## What the task asks
Start to finish, write out the entries exactly, leaving the pictures aside.

## Records for processing
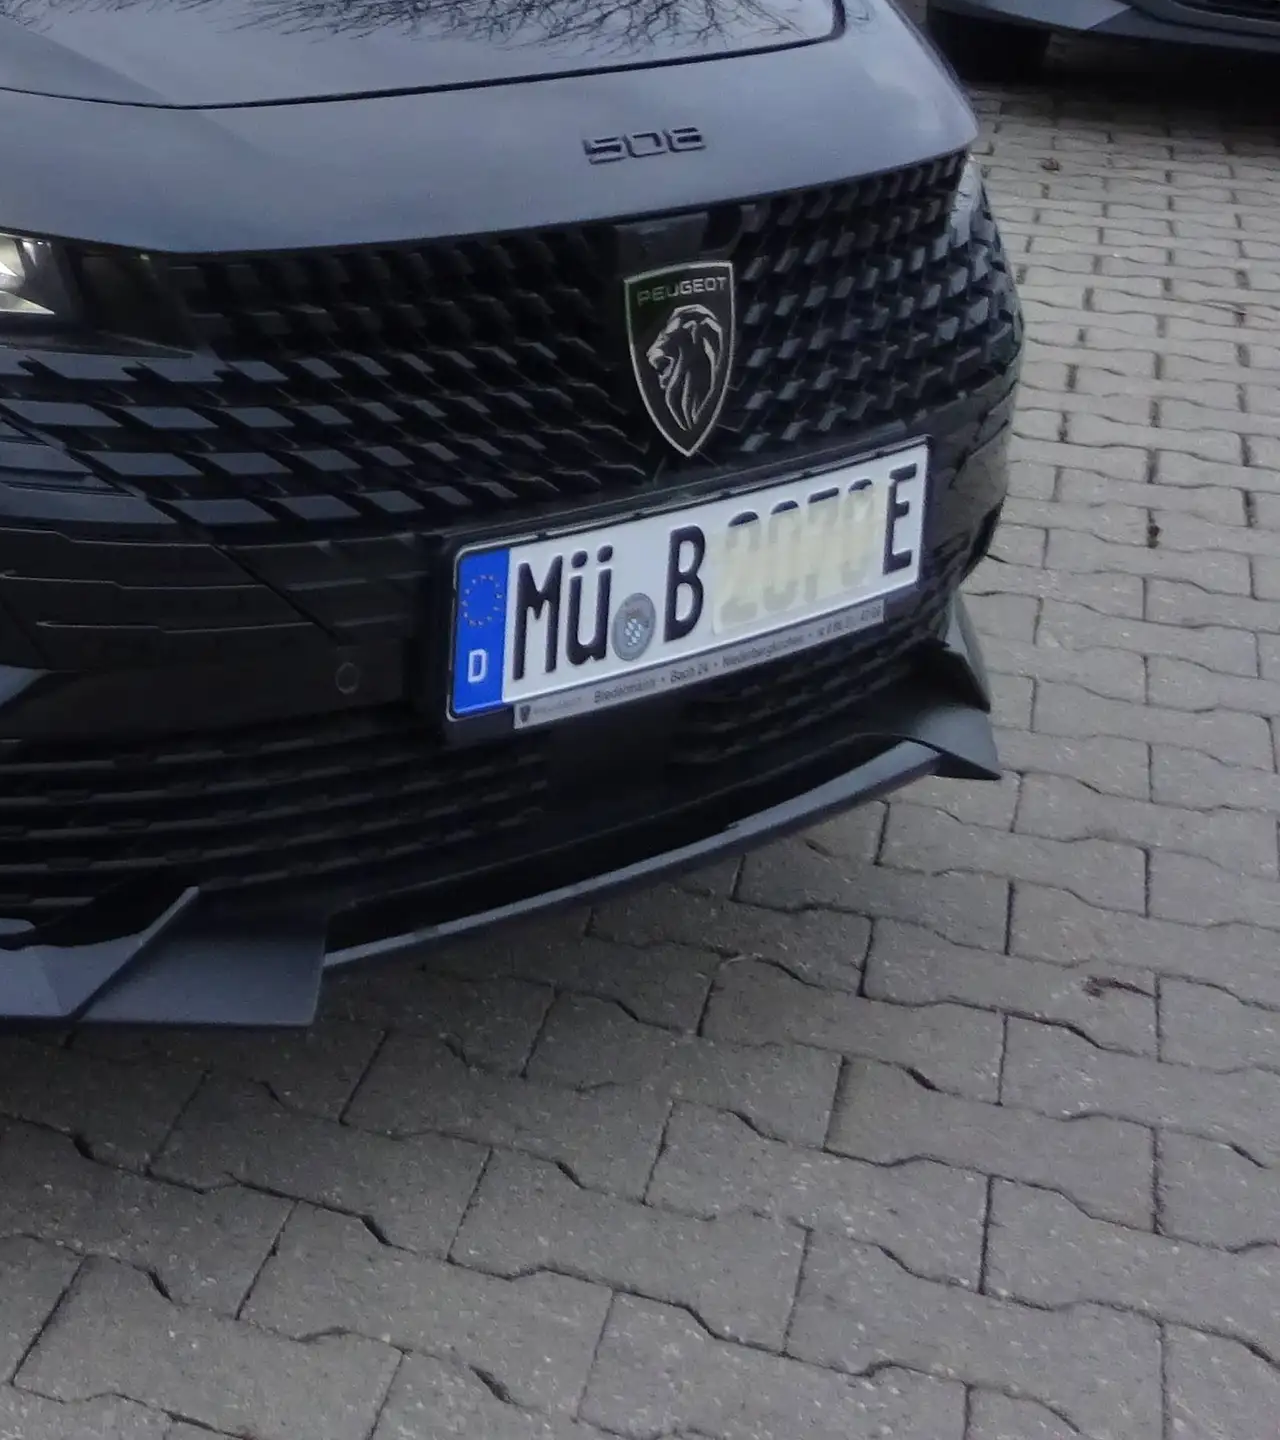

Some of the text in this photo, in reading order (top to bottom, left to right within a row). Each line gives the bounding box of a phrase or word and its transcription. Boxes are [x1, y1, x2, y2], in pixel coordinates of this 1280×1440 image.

[582, 126, 706, 165] 508
[636, 276, 728, 306] PEUGEOT
[467, 648, 487, 683] D
[663, 524, 706, 643] B
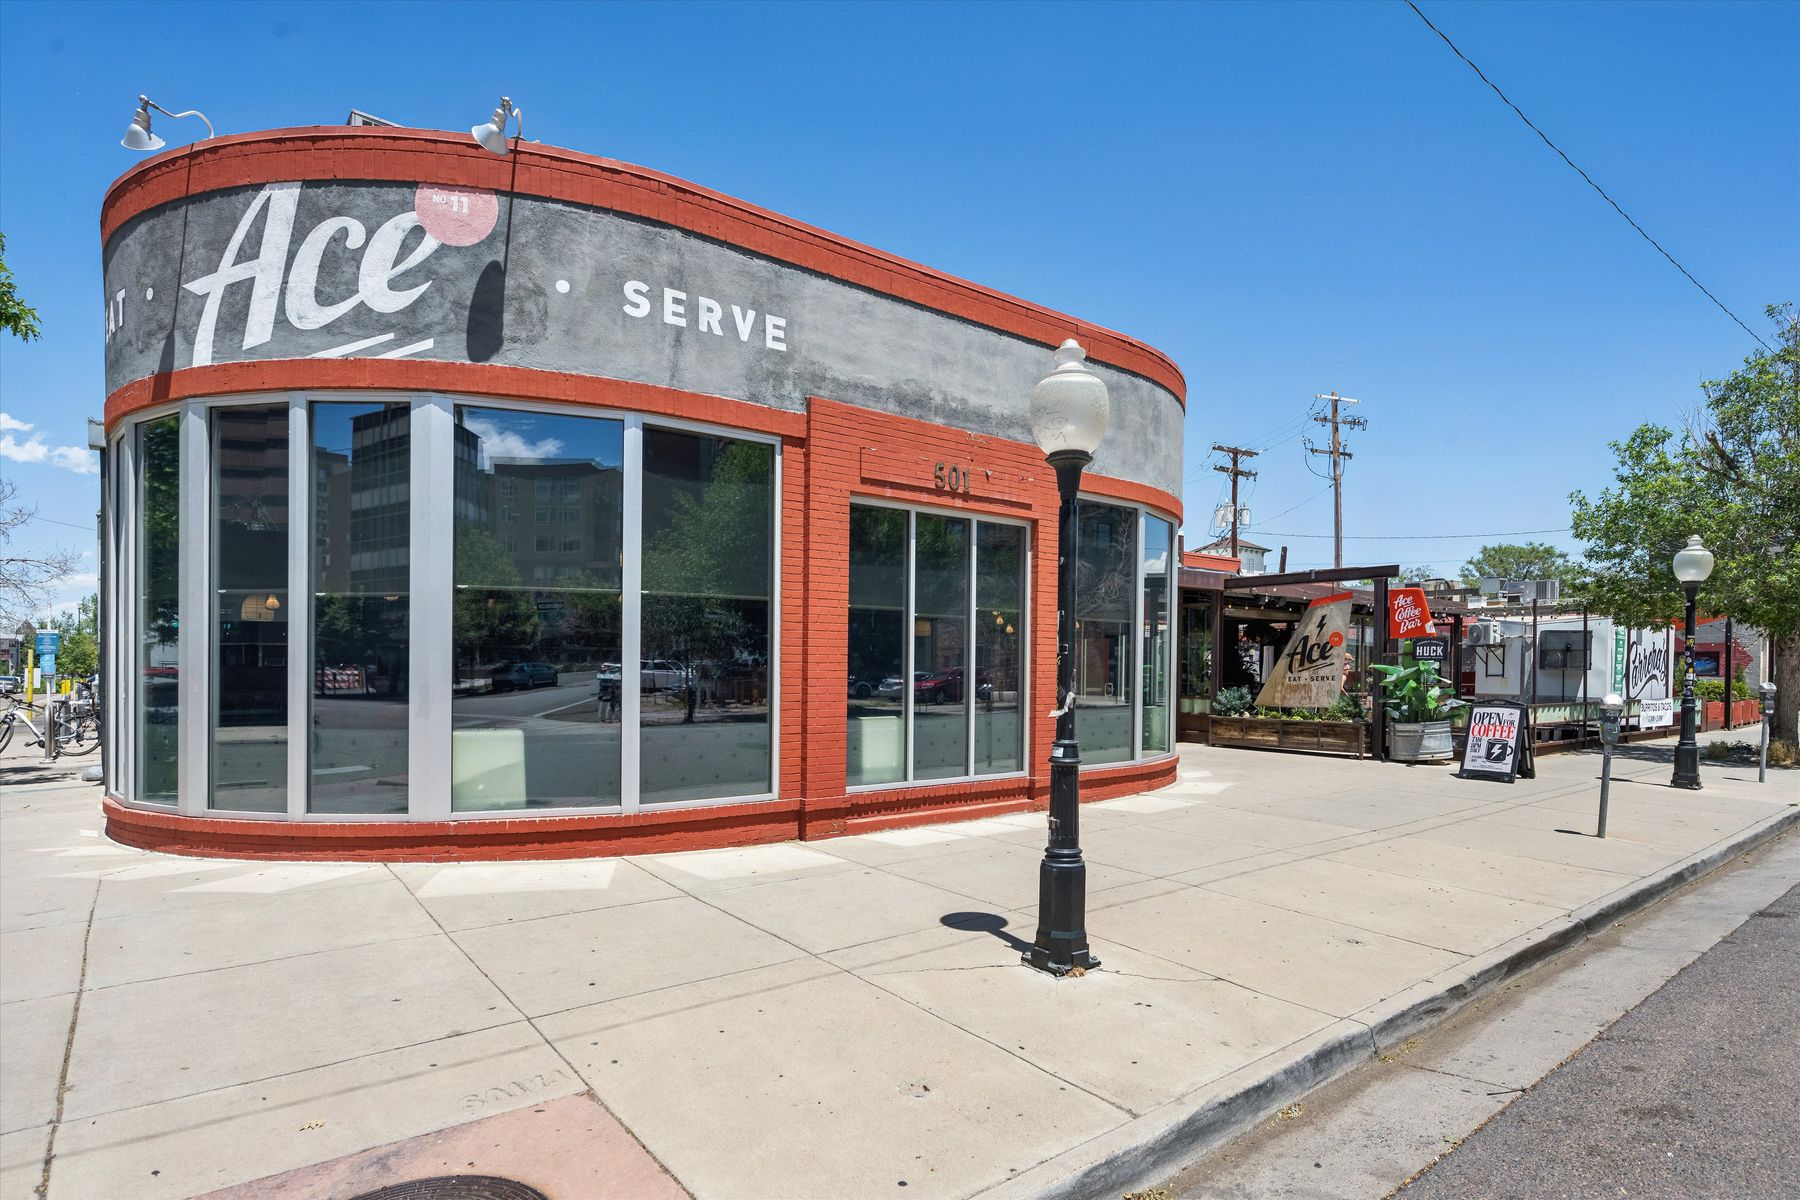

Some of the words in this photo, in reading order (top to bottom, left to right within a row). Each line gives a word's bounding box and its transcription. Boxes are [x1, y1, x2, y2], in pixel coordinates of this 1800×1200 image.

[450, 195, 469, 214] 11
[182, 181, 441, 367] Ace
[622, 280, 787, 351] SERVE
[934, 462, 970, 494] 501
[1393, 594, 1414, 610] Ace
[1395, 605, 1421, 623] Coffee
[1400, 618, 1422, 634] Bar
[1286, 635, 1335, 674] Ace
[1416, 646, 1444, 656] HUCK
[1473, 711, 1504, 726] OPEN
[1503, 719, 1516, 728] FOR
[1471, 724, 1516, 739] COFFEE

## Finished exercise
Some of the text in this photo, in reading order (top to bottom, left to right within a row). Each line gives the bounding box of a phrase or word and its transcription. Boxes are [x1, y1, x2, y2], in pixel coordinates of this 1280×1440 image.

[582, 126, 706, 165] 508
[636, 276, 728, 306] PEUGEOT
[467, 648, 487, 683] D
[663, 524, 706, 643] B

Some of the words in this photo, in reading order (top to bottom, left to right within a row). Each line gives a word's bounding box and its transcription. Boxes are [x1, y1, x2, y2], in pixel coordinates of this 1800×1200 image.

[450, 195, 469, 214] 11
[182, 181, 441, 367] Ace
[622, 280, 787, 351] SERVE
[934, 462, 970, 494] 501
[1393, 594, 1414, 610] Ace
[1395, 605, 1421, 623] Coffee
[1400, 618, 1422, 634] Bar
[1286, 635, 1335, 674] Ace
[1416, 646, 1444, 656] HUCK
[1473, 711, 1504, 726] OPEN
[1503, 719, 1516, 728] FOR
[1471, 724, 1516, 739] COFFEE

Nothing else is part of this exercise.